BRIEF = Please make an exact transcription of the records, keeping the pictures out of it.

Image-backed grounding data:
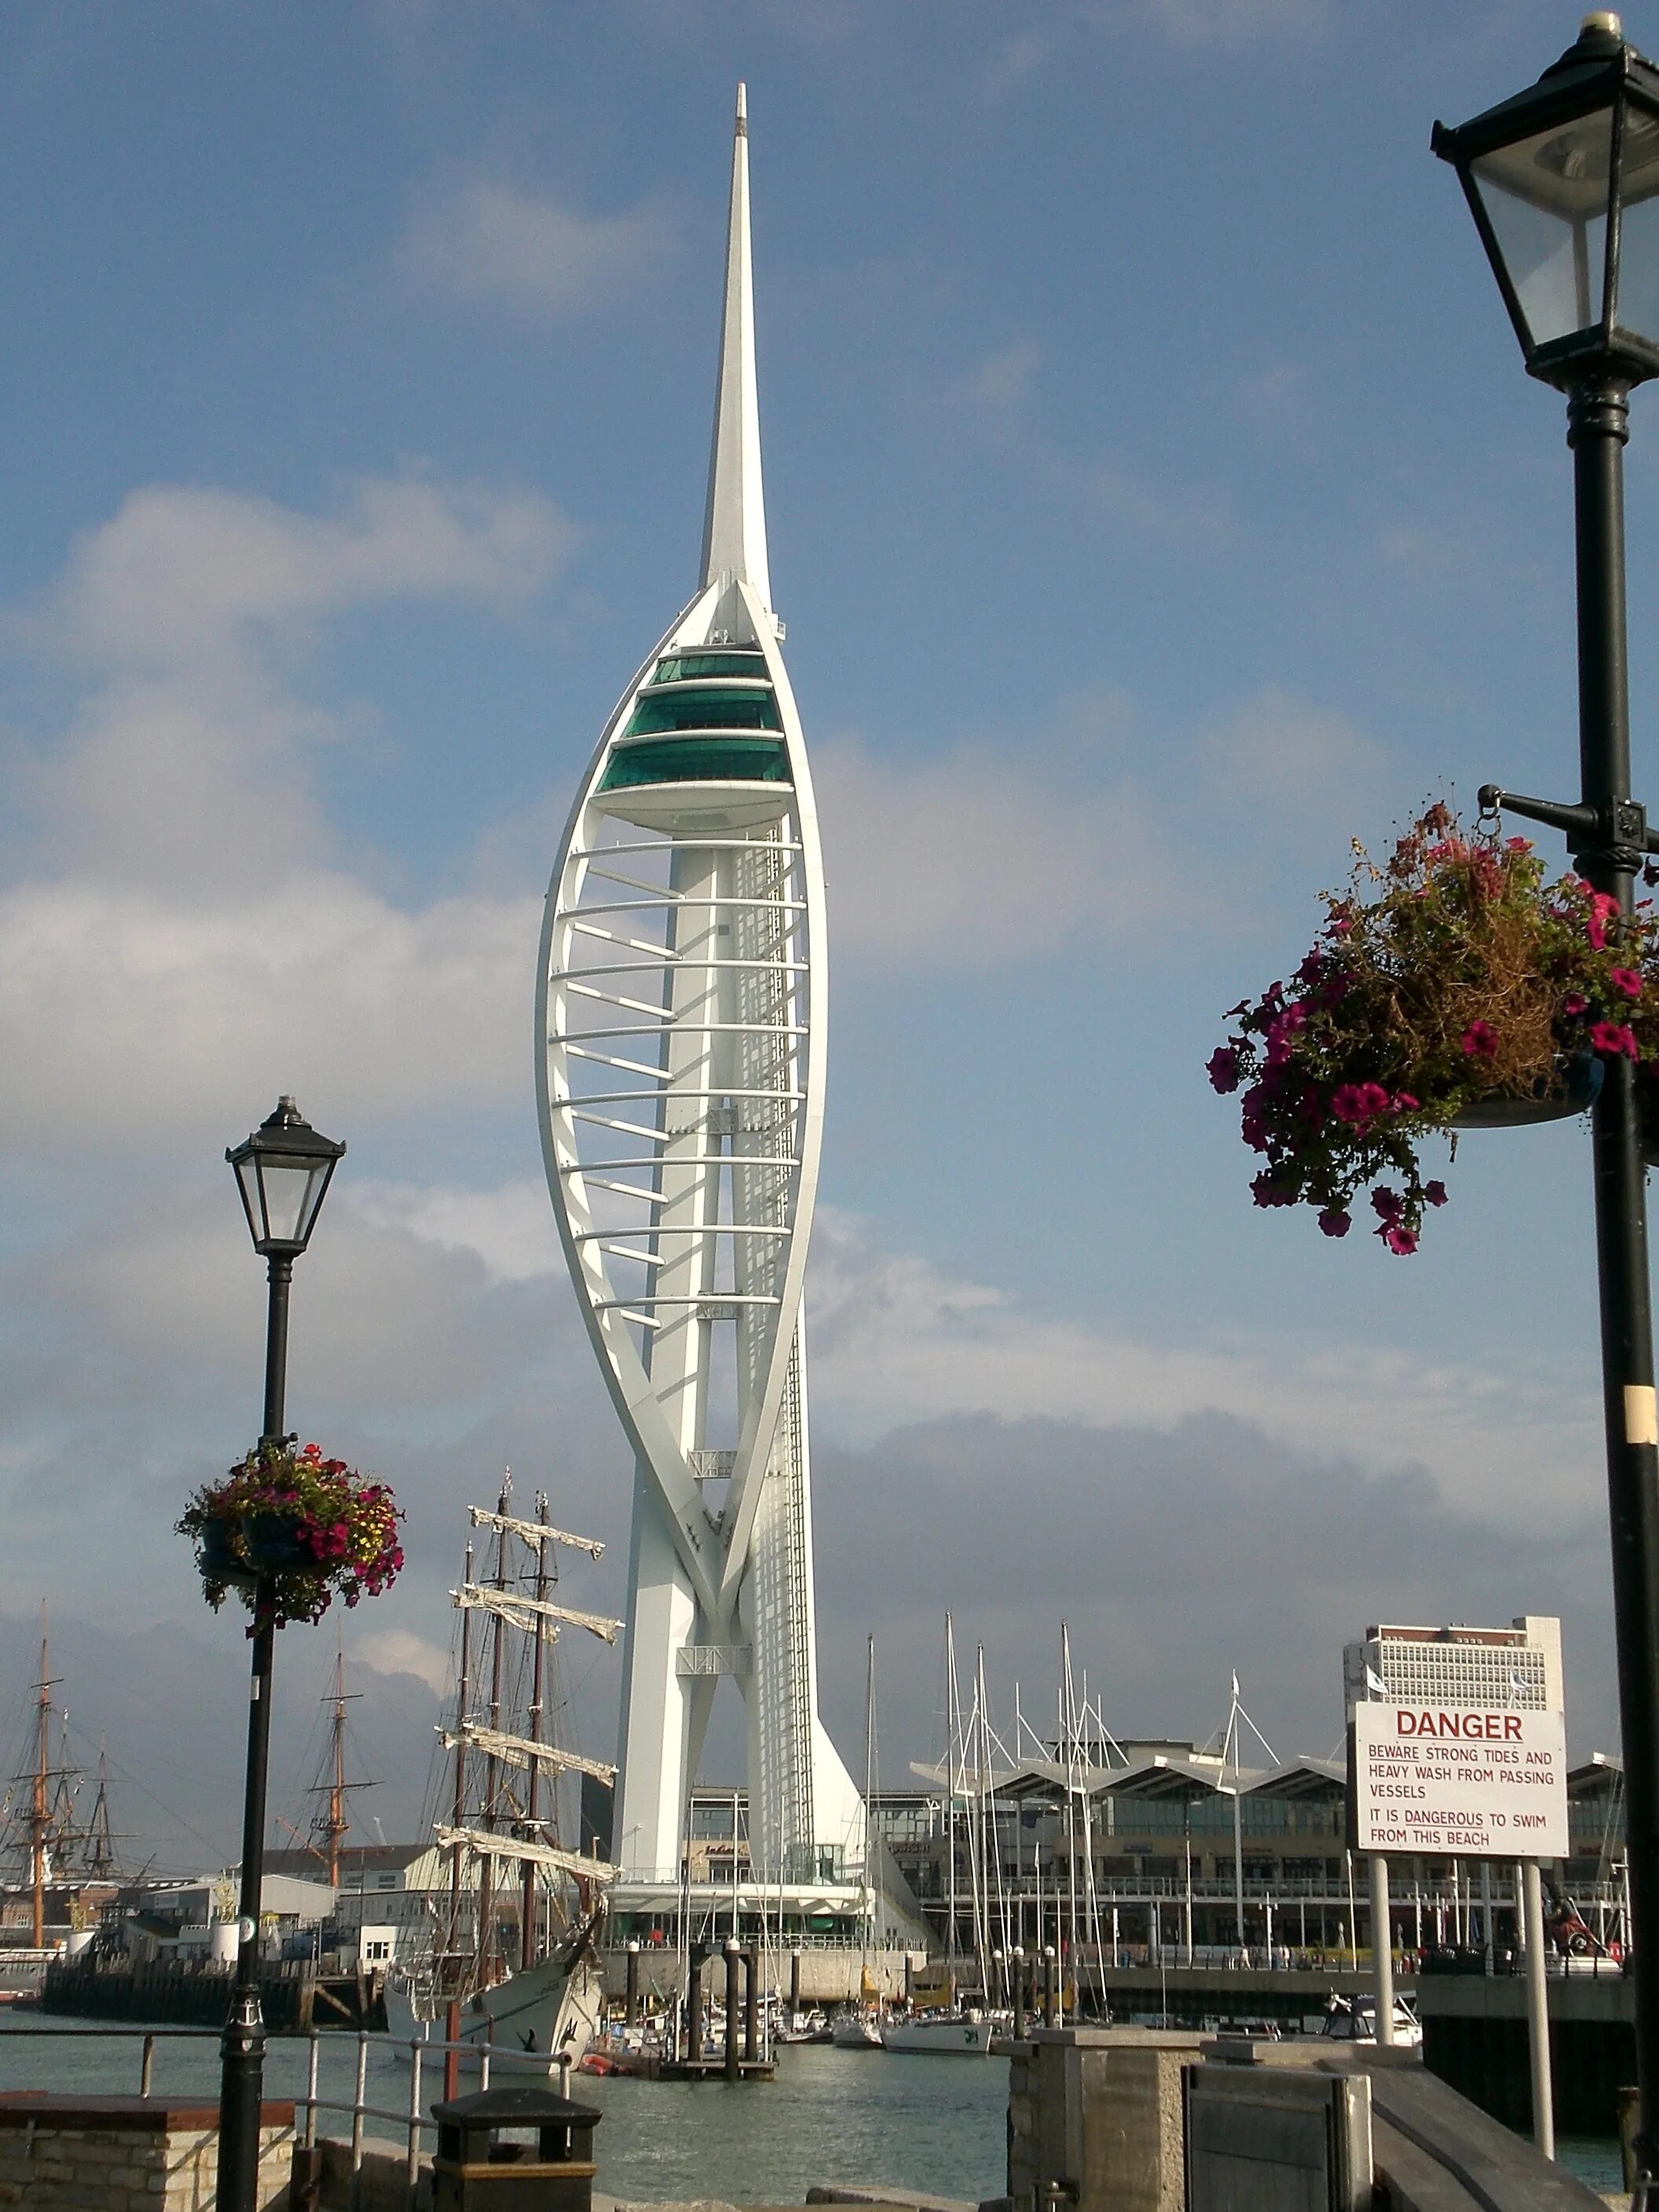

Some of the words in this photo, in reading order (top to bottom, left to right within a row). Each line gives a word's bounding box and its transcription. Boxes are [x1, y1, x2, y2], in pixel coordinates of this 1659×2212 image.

[1397, 1710, 1523, 1740] DANGER
[1368, 1744, 1419, 1760] BEWARE
[1426, 1747, 1478, 1762] STRONG
[1484, 1749, 1519, 1763] TIDES
[1525, 1752, 1552, 1765] AND
[1369, 1764, 1409, 1779] HEAVY
[1415, 1767, 1452, 1781] WASH
[1457, 1768, 1493, 1782] FROM
[1500, 1770, 1555, 1785] PASSING
[1370, 1784, 1426, 1799] VESSELS
[1370, 1808, 1380, 1822] IT
[1386, 1809, 1398, 1822] IS
[1404, 1810, 1483, 1826] DANGEROUS
[1489, 1813, 1507, 1827] TO
[1513, 1815, 1547, 1828] SWIM
[1371, 1829, 1407, 1843] FROM
[1413, 1830, 1441, 1844] THIS
[1447, 1832, 1489, 1846] BEACH
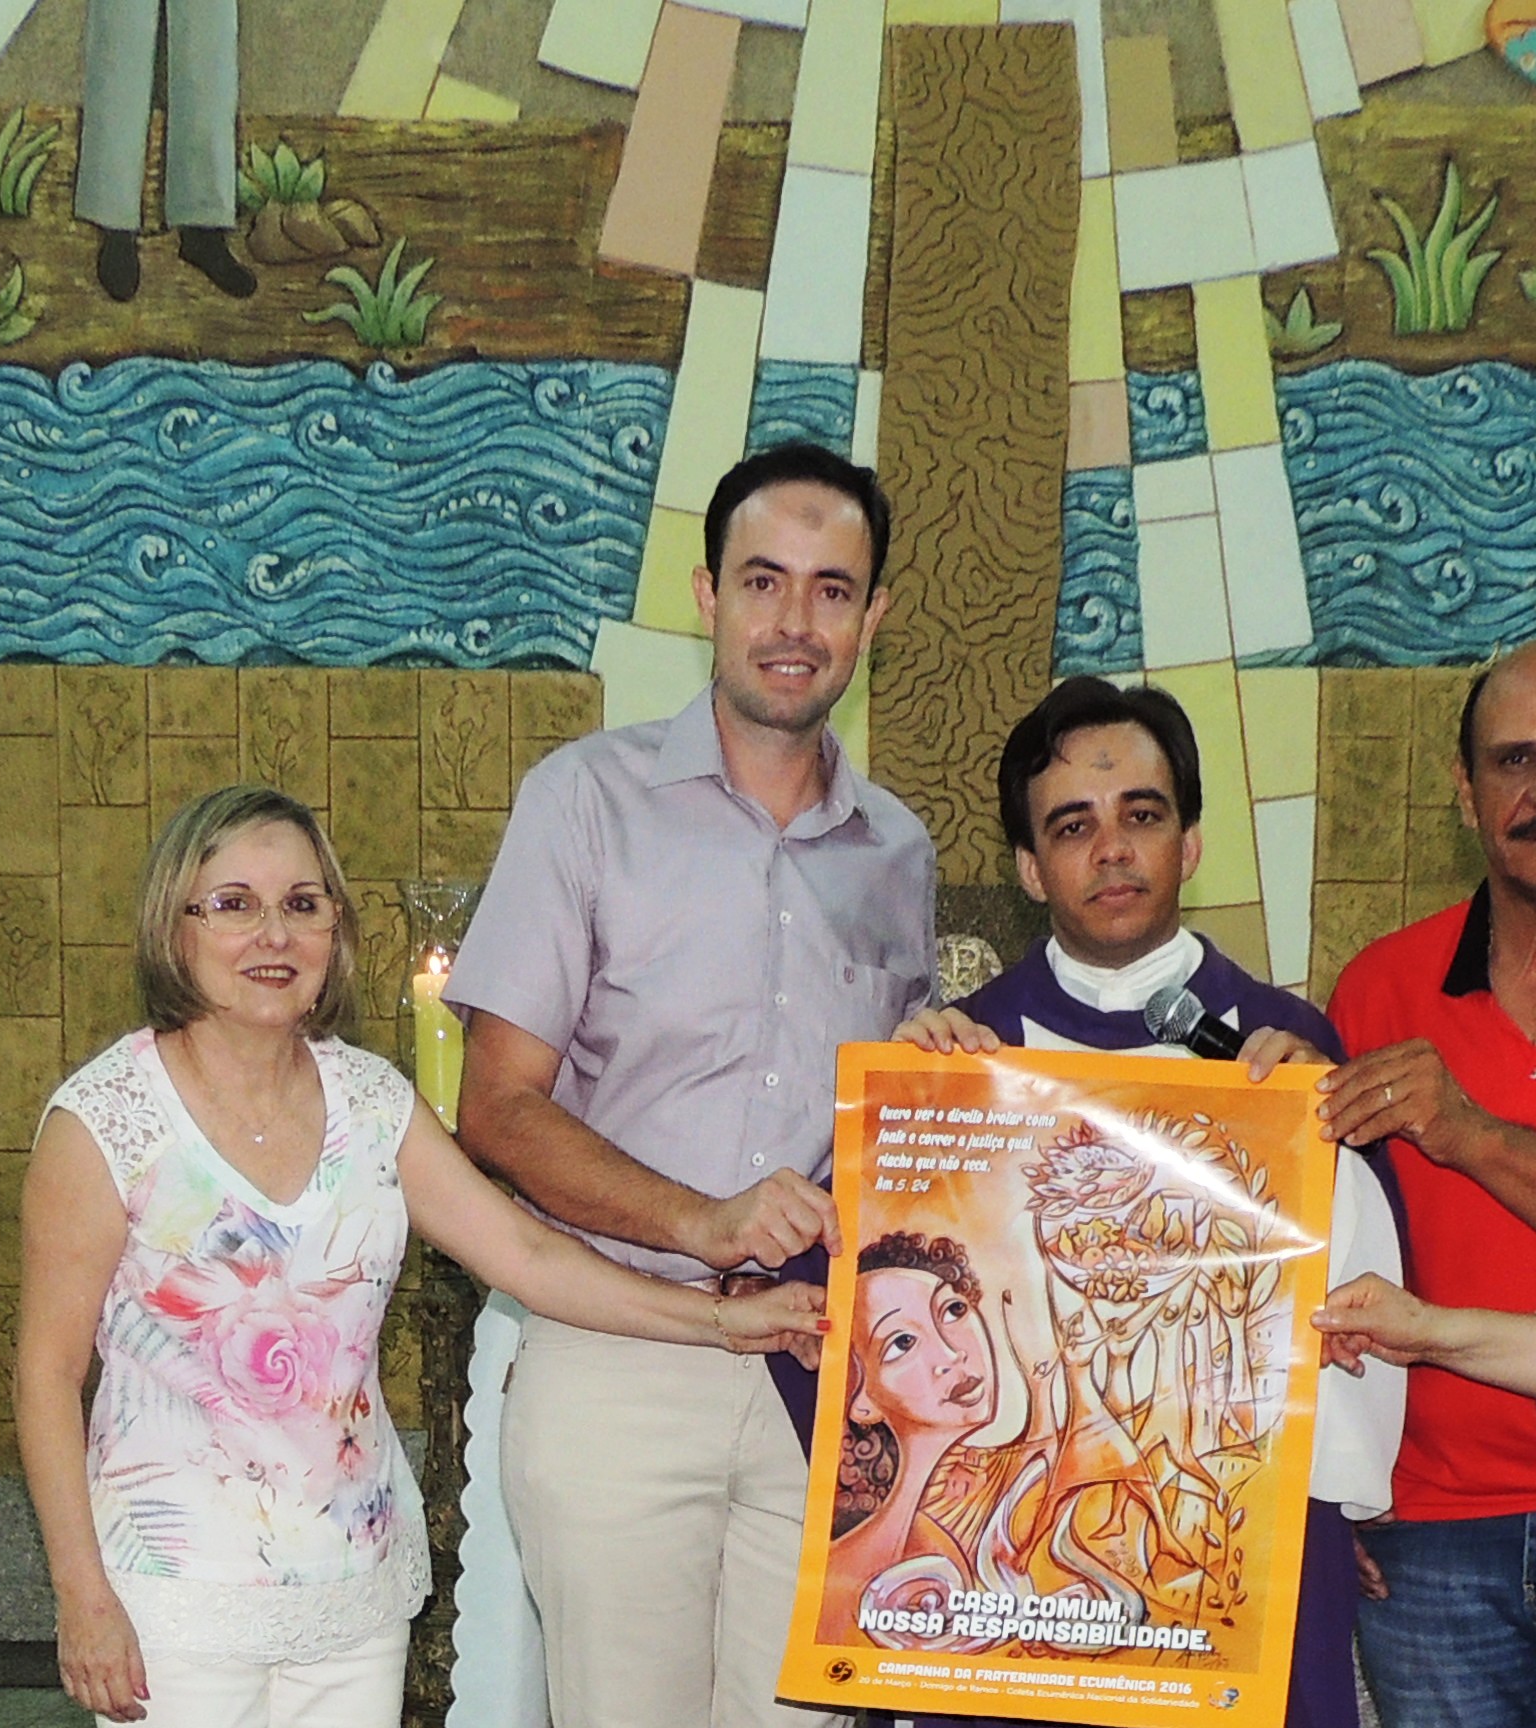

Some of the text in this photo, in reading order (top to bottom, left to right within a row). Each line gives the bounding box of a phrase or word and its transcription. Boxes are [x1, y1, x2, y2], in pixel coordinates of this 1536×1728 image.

EXPECTED ANSWER =
Some of the words in this photo, in reading order (top to bottom, left to right within a row). Each line gives a word's bounding box and its transcription. Boxes are [x1, y1, x2, y2], in pixel coordinates of this 1659×2212 image.

[1397, 1710, 1523, 1740] DANGER
[1368, 1744, 1419, 1760] BEWARE
[1426, 1747, 1478, 1762] STRONG
[1484, 1749, 1519, 1763] TIDES
[1525, 1752, 1552, 1765] AND
[1369, 1764, 1409, 1779] HEAVY
[1415, 1767, 1452, 1781] WASH
[1457, 1768, 1493, 1782] FROM
[1500, 1770, 1555, 1785] PASSING
[1370, 1784, 1426, 1799] VESSELS
[1370, 1808, 1380, 1822] IT
[1386, 1809, 1398, 1822] IS
[1404, 1810, 1483, 1826] DANGEROUS
[1489, 1813, 1507, 1827] TO
[1513, 1815, 1547, 1828] SWIM
[1371, 1829, 1407, 1843] FROM
[1413, 1830, 1441, 1844] THIS
[1447, 1832, 1489, 1846] BEACH

Some of the text in this photo, in reading order (top to bottom, left to right within a row). Each line gives the bounding box of a phrase or word and its transcription. Boxes are [x1, y1, x2, y2], in pixel coordinates of this 1536×1728 image.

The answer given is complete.